La Venezuela electoral hasta mediados del siglo XX      

por Ramón Peña

Cipriano Castro

El siglo XX amanece con Cipriano Castro como primer mandatario de Venezuela. En octubre de 1900 un decreto suyo convoca a elegir una Asamblea Constituyente, la cual, en marzo de 1901, sanciona una nueva Constitución. Según esta carta magna, el presidente y vice presidente de la República serían elegidos por los votos de los concejos municipales refrendados por las legislaturas de los estados. En 1904 una nueva reforma constitucional deroga esta modalidad y le asigna la responsabilidad a un Cuerpo Electoral integrado por 14 parlamentarios escogidos entre los miembros del Congreso Nacional. Más tarde, una nueva Constitución devuelve a las legislaturas estadales la facultad de elegir al presidente. 

Durante los 27 años en el poder de Juan Vicente Gómez, a partir de 1908, los concejos municipales son los encargados de elegir a los diputados y corresponde a las legislaturas estadales elegir a los senadores. El Congreso Nacional así formado elige al presidente de la República. Los concejos municipales y asambleas legislativas estadales eran elegidos mediante el sufragio universal de varones alfabetos y mayores de 21 años. Es notable que el poder ejecutivo, civil y militar de entonces, restringía cualquier posibilidad de candidaturas de oposición y en la práctica, los candidatos correspondían a una lista elaborada por el gobierno. 

Gómez y López Contreras

A la muerte de Gómez en diciembre de 1935, este sistema electoral se modifica. En septiembre de 1936 se crea el Consejo Supremo Electoral, el cual se sirve de las juntas electorales en los estados para organizar y supervisar los comicios. Durante el lapso 1936-1945 organizaciones políticas de signos diferentes hacen campaña electoral, aunque restringido su ámbito de acción a los concejos municipales y legislaturas estadales. Los presidentes de ese periodo, Eleazar López Contreras e Isaías Medina Angarita, designados por el Congreso Nacional, obtuvieron resultados notoriamente abultados: López Contreras gana por 121 votos contra uno de Néstor Pérez y Medina Angarita obtiene 120 votos contra 43 de Rómulo Gallegos. 
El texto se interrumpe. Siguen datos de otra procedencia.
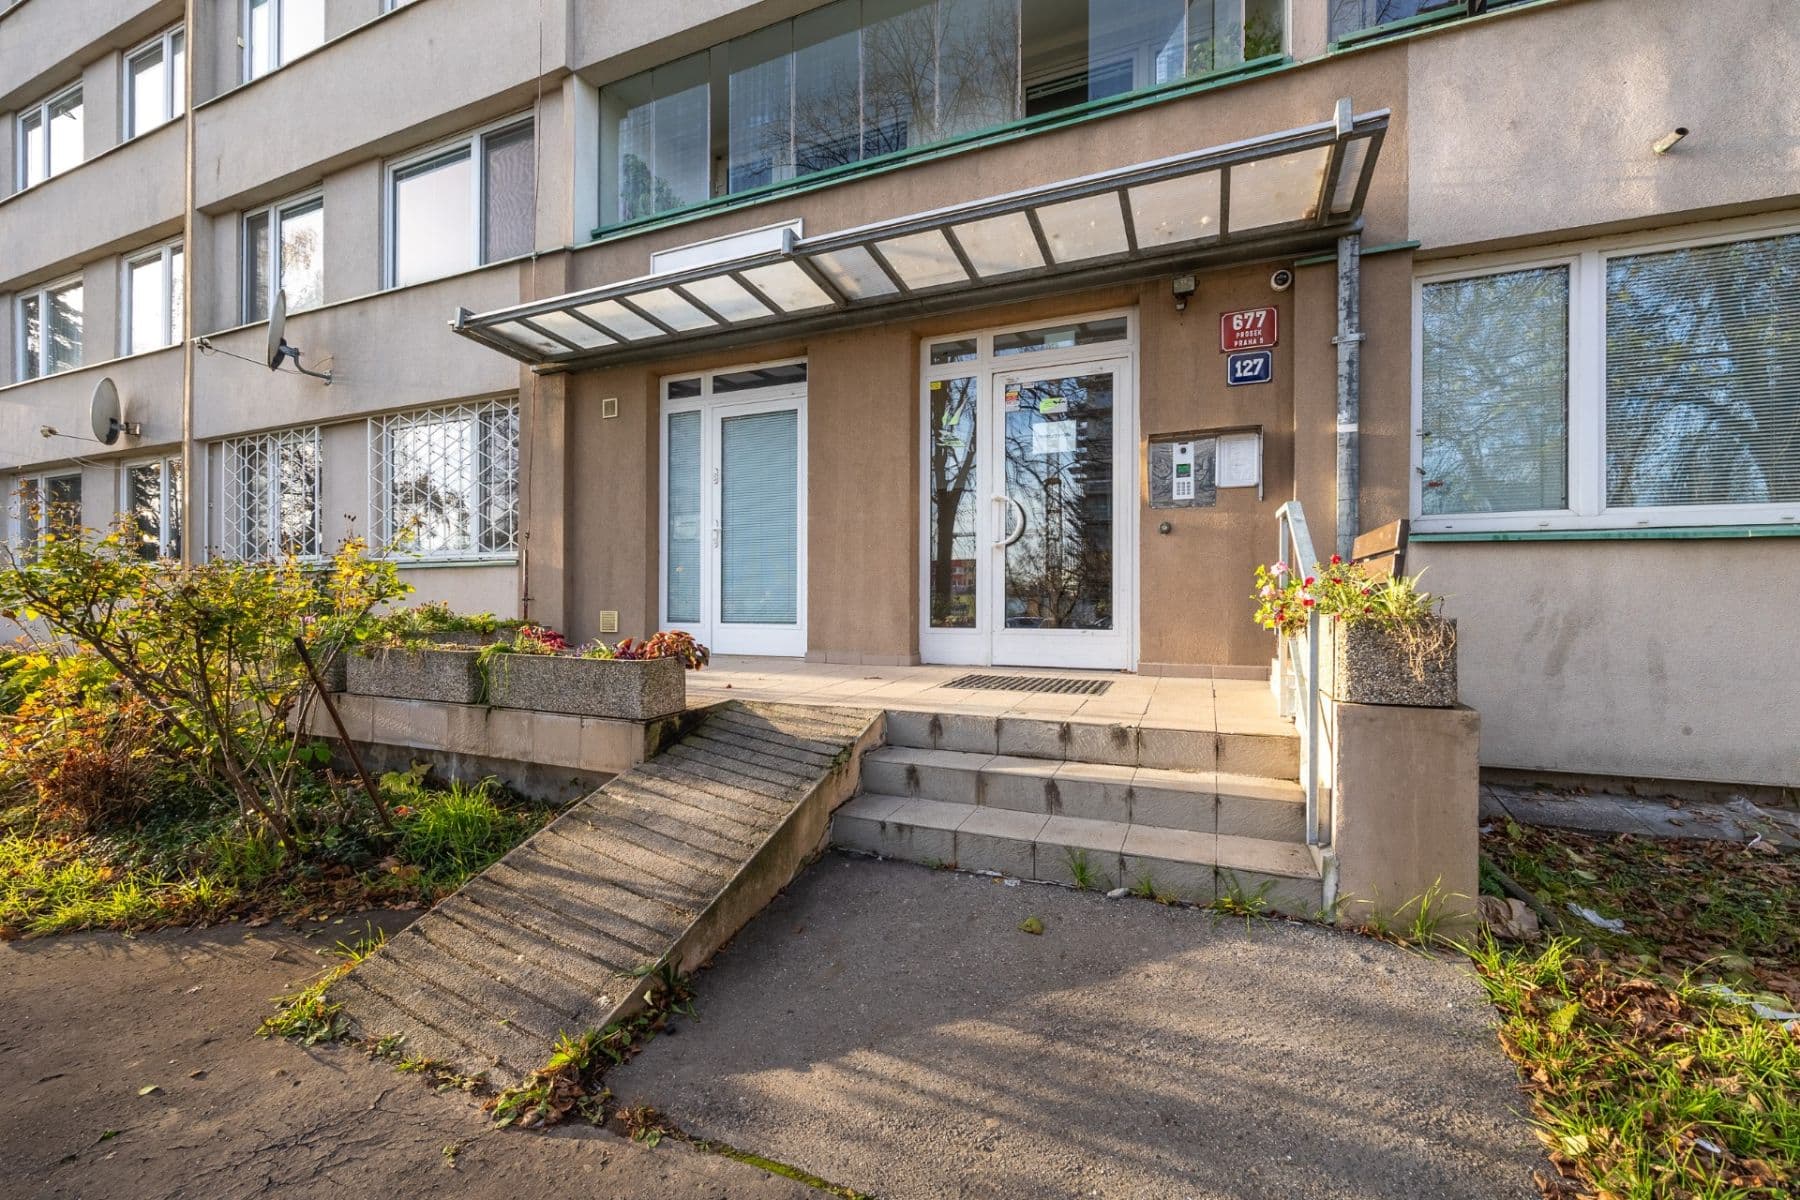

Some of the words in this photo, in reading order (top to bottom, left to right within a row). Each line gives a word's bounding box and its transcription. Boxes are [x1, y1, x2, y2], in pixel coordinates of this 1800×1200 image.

[1232, 310, 1267, 330] 677
[1236, 329, 1262, 338] PROSEK
[1234, 338, 1257, 347] PRAHA
[1235, 358, 1264, 377] 127
Durante el mandato de Isaías Medina Angarita, con los partidos políticos legalizados, crece la presión por mayor libertad electoral y la reformulación del sistema vigente, para ir al voto universal, directo y secreto. Se argumentaba reemplazar la figura del llamado “Gran elector”, refiriéndose a las ventajas del gobierno de turno. Se aprobó la reforma constitucional de abril de 1945 que consagró el derecho a varones alfabetos y mayores de 21 años para la elección directa de candidatos al Congreso Nacional y se concedió a las mujeres el derecho al voto, pero solo para elegir los concejos municipales. Existía un proyecto para establecer la representación proporcional de las minorías. Este proceso de reforma se paraliza por la ocurrencia del golpe de Estado cívico militar el 18 de octubre de 1945.